*** Opening DATA SHOWN ***
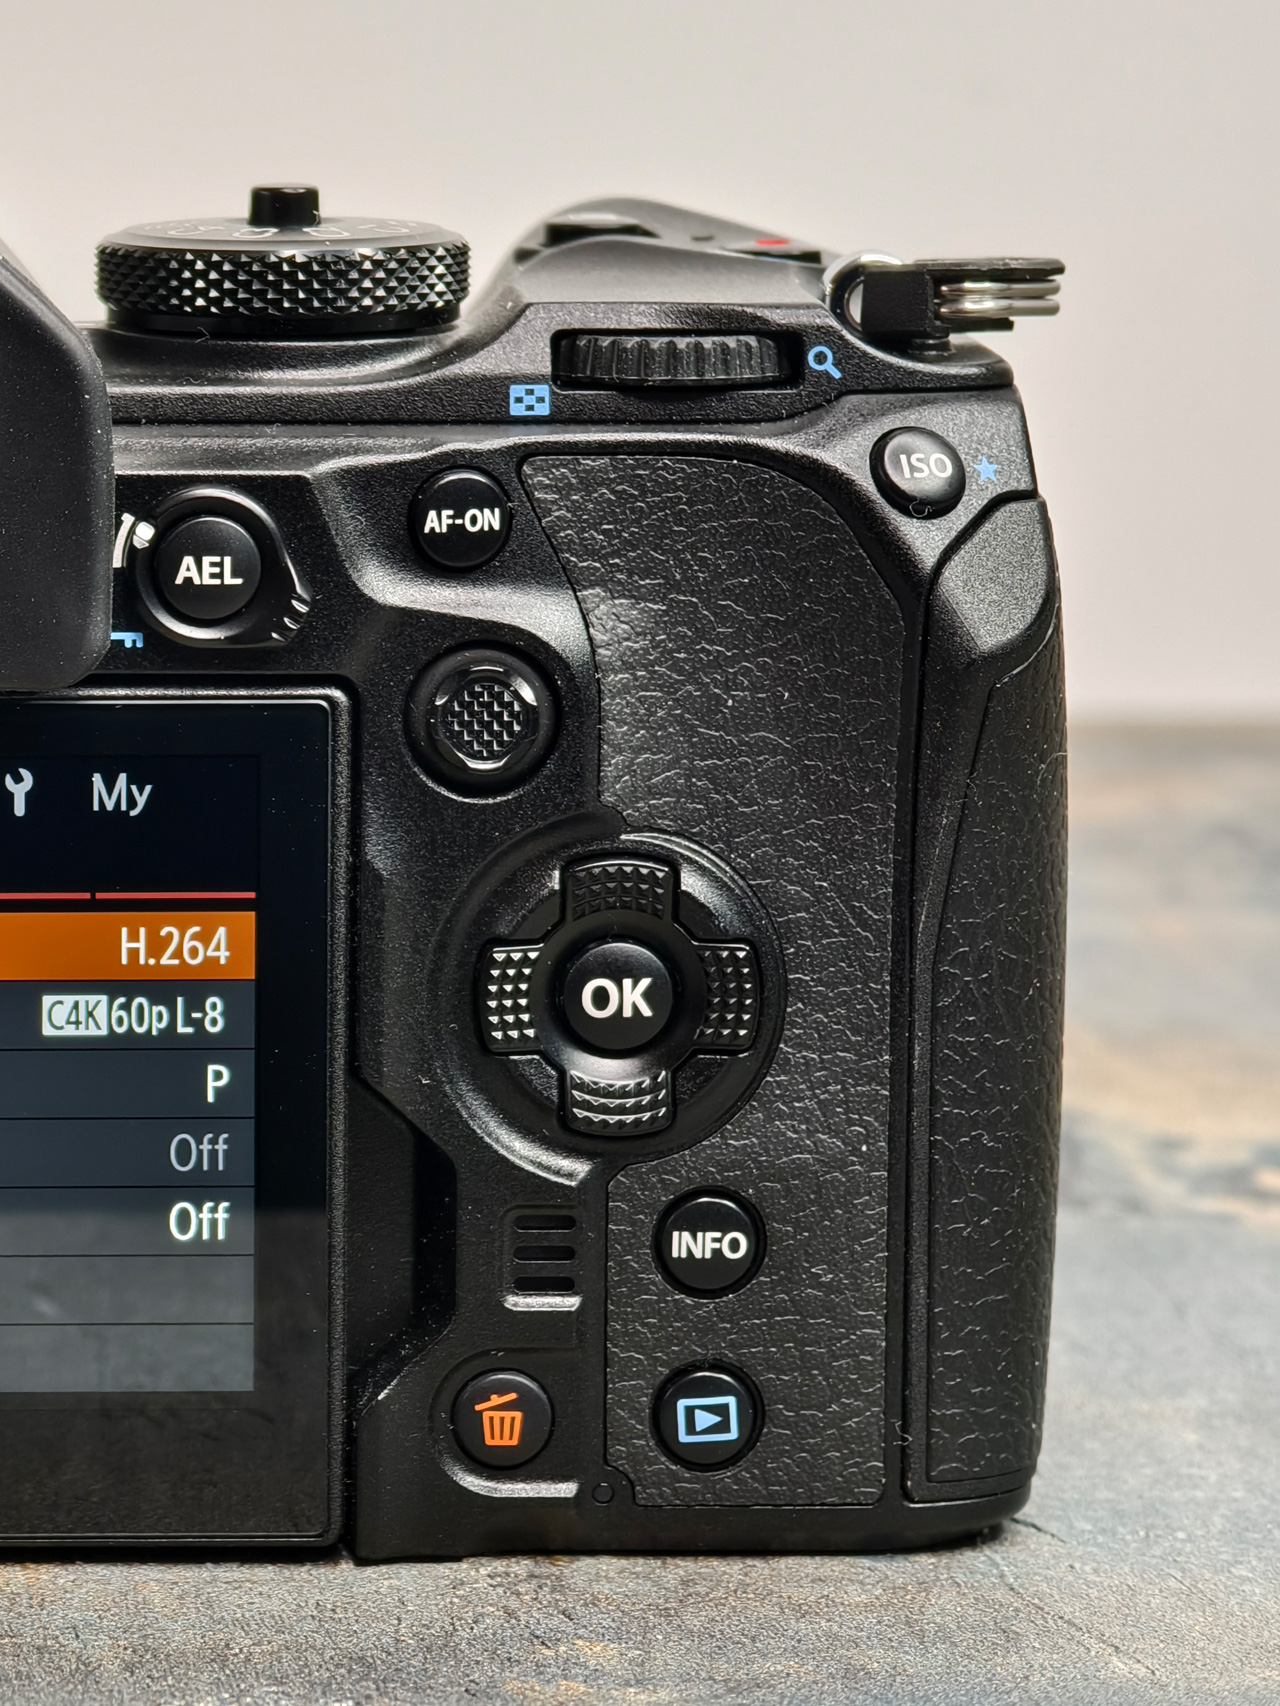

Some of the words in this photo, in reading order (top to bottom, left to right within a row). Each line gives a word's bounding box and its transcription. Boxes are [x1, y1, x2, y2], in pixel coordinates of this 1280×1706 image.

[899, 452, 953, 479] ISO
[423, 507, 501, 534] AF-ON
[174, 555, 244, 585] AEL
[92, 772, 153, 817] My
[121, 926, 231, 965] H.264
[581, 977, 654, 1019] OK
[206, 1064, 231, 1103] P
[170, 1133, 230, 1172] Off
[169, 1201, 231, 1241] Off
[671, 1230, 748, 1260] INFO
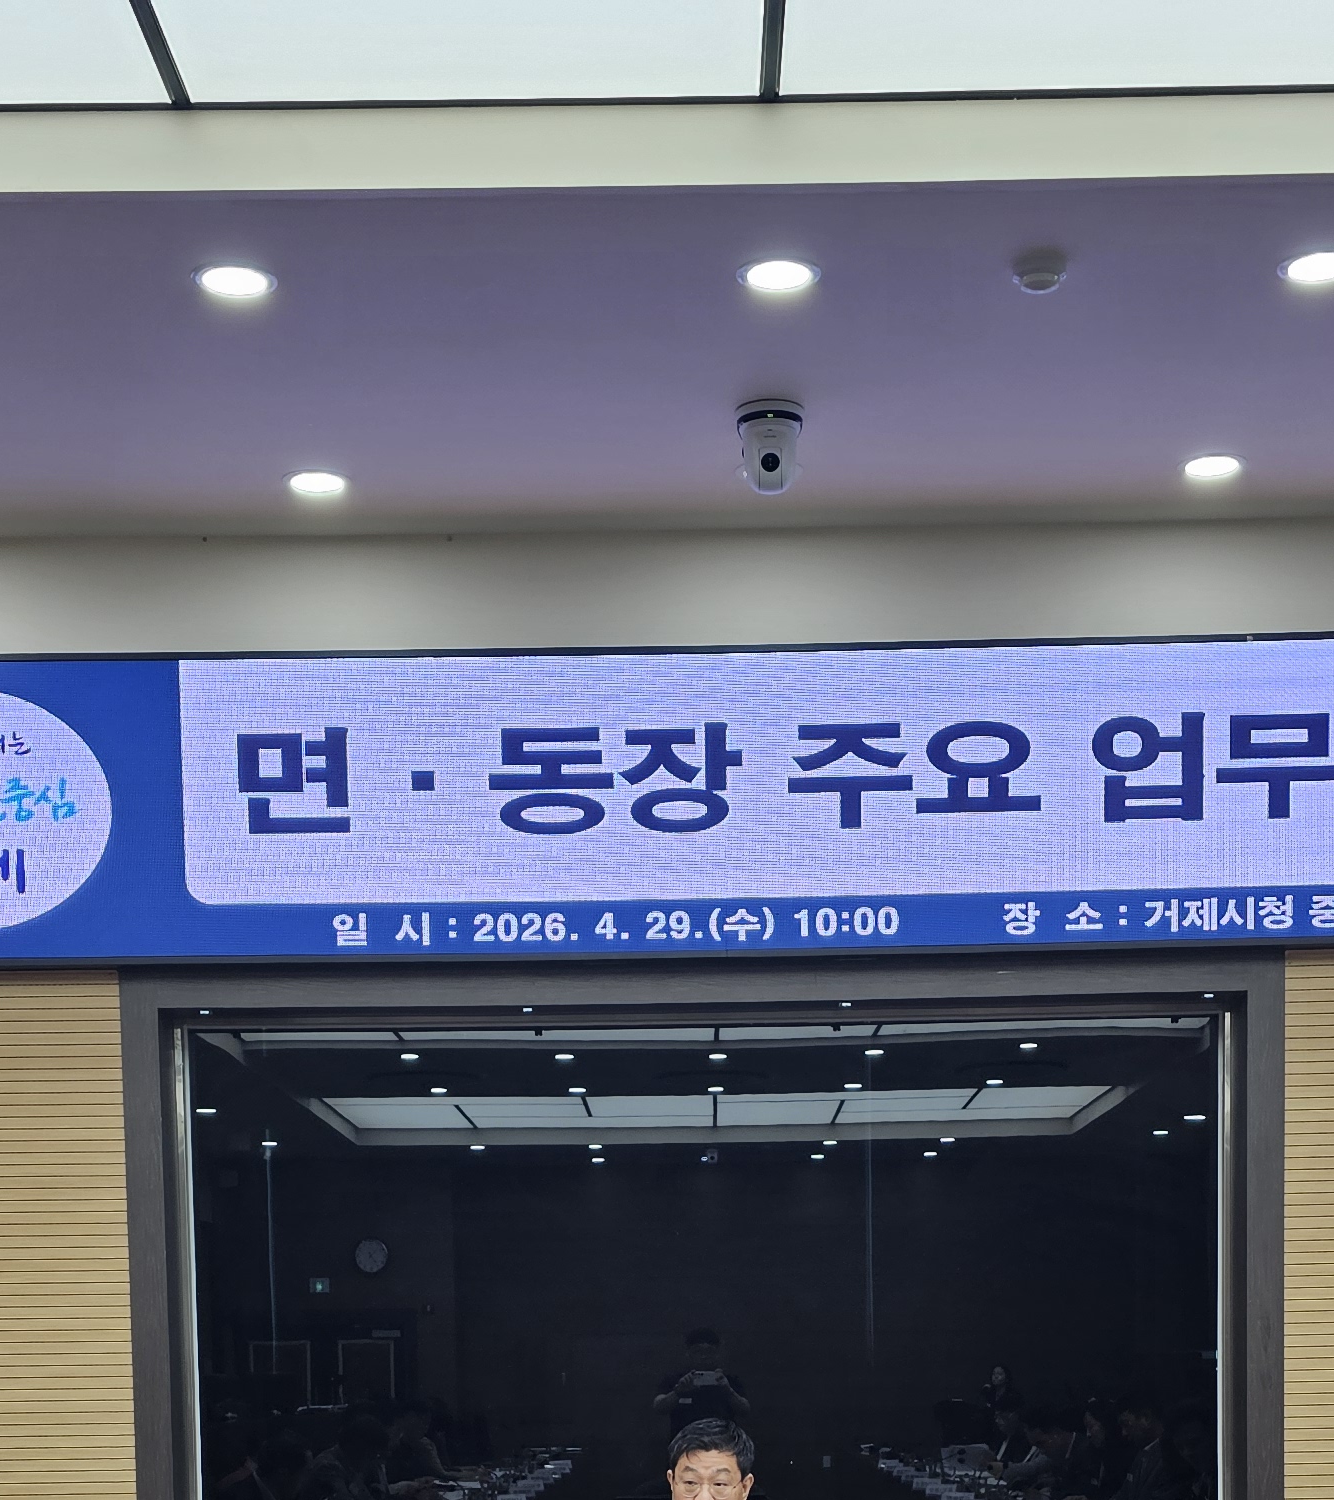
*** Closing DATA SHOWN ***
■ YOUR OBJECTIVE: Retype the listing above exactly as it appears, omitting the pictures.

■ SOLUTION FOR THIS TASK:
Some of the words in this photo, in reading order (top to bottom, left to right within a row). Each line gives a word's bounding box and its transcription. Boxes are [x1, y1, x2, y2], in pixel coordinates of this 1280×1706 image.

[899, 452, 953, 479] ISO
[423, 507, 501, 534] AF-ON
[174, 555, 244, 585] AEL
[92, 772, 153, 817] My
[121, 926, 231, 965] H.264
[581, 977, 654, 1019] OK
[206, 1064, 231, 1103] P
[170, 1133, 230, 1172] Off
[169, 1201, 231, 1241] Off
[671, 1230, 748, 1260] INFO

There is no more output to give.